Damjan Rems wrote:
I am just wondering is there any differnece between these two
techniques.
There is file.rb
1. use load to execute contents of file.rb
load "file.rb"
2. use eval to execute contents of file.rb
c = File.open('file.rb') {|f| f.read }
eval(c)
Load is more conventional but eval is more flexible (source can be
modifyed before evaluated).
Are there any hidden gotchas?
by
TheR
Yes, there IS a difference, and yes, there ARE gotchas.
1. The load way:
module Alpha
load 'file.rb'
end
class Beta
load 'file.rb'
end
class Gamma
include Alpha
end
2. The eval way:
module Alpha
c = File.open('file.rb') {|f| f.read }
eval c
end
class Beta
c = File.open('file.rb') {|f| f.read }
eval c
end
class Gamma
include Alpha
end
In 1., the contents of file.rb are loaded in *global* namespace.
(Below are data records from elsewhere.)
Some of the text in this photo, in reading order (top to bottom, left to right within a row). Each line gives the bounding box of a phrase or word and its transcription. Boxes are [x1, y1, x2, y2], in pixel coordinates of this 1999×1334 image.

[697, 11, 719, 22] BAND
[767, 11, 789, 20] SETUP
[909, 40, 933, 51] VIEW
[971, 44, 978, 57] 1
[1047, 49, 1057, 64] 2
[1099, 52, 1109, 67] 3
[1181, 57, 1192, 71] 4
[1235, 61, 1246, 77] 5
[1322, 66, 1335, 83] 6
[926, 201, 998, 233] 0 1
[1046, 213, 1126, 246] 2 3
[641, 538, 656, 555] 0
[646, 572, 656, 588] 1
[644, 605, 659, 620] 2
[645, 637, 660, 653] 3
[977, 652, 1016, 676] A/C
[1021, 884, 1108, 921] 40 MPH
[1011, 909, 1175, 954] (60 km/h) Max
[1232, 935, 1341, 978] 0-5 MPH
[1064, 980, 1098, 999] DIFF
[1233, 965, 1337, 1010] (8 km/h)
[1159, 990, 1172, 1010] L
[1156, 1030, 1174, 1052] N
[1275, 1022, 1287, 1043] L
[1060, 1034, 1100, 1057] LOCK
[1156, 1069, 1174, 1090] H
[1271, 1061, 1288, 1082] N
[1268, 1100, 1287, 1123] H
But
that's not the whole story. When file.rb defines a method my_method,
you'll end up with *four* methods: a public main#my_method, a private
Alpha#my_method, a private Beta#my_method and a private Gamma#my_method.
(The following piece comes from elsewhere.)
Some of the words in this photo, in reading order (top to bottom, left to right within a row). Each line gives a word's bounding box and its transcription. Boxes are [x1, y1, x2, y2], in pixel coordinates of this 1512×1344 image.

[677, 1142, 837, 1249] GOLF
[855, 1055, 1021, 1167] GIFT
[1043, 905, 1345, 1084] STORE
Not quite a "least surprise".
2.'s behaviour is more intuitive. You'll get a public Alpha#my_method, a
public Beta#my_method and a public Gamma#my_method. But if file.rb has
any load (or require) of its own, that stuff will be loaded in your
script's global namespace...
And there's my problem. I'm using two different libraries both
containing (directly or indirectly) modules or classes with the same
name. To avoid name conflicts, I would like my script to wrap them (or
at least one of them) in their own namespace. But such a thing seems to
be impossible if those modules/classes are placed far away in a long
chain of required libraries. Is there any way out of this library hell?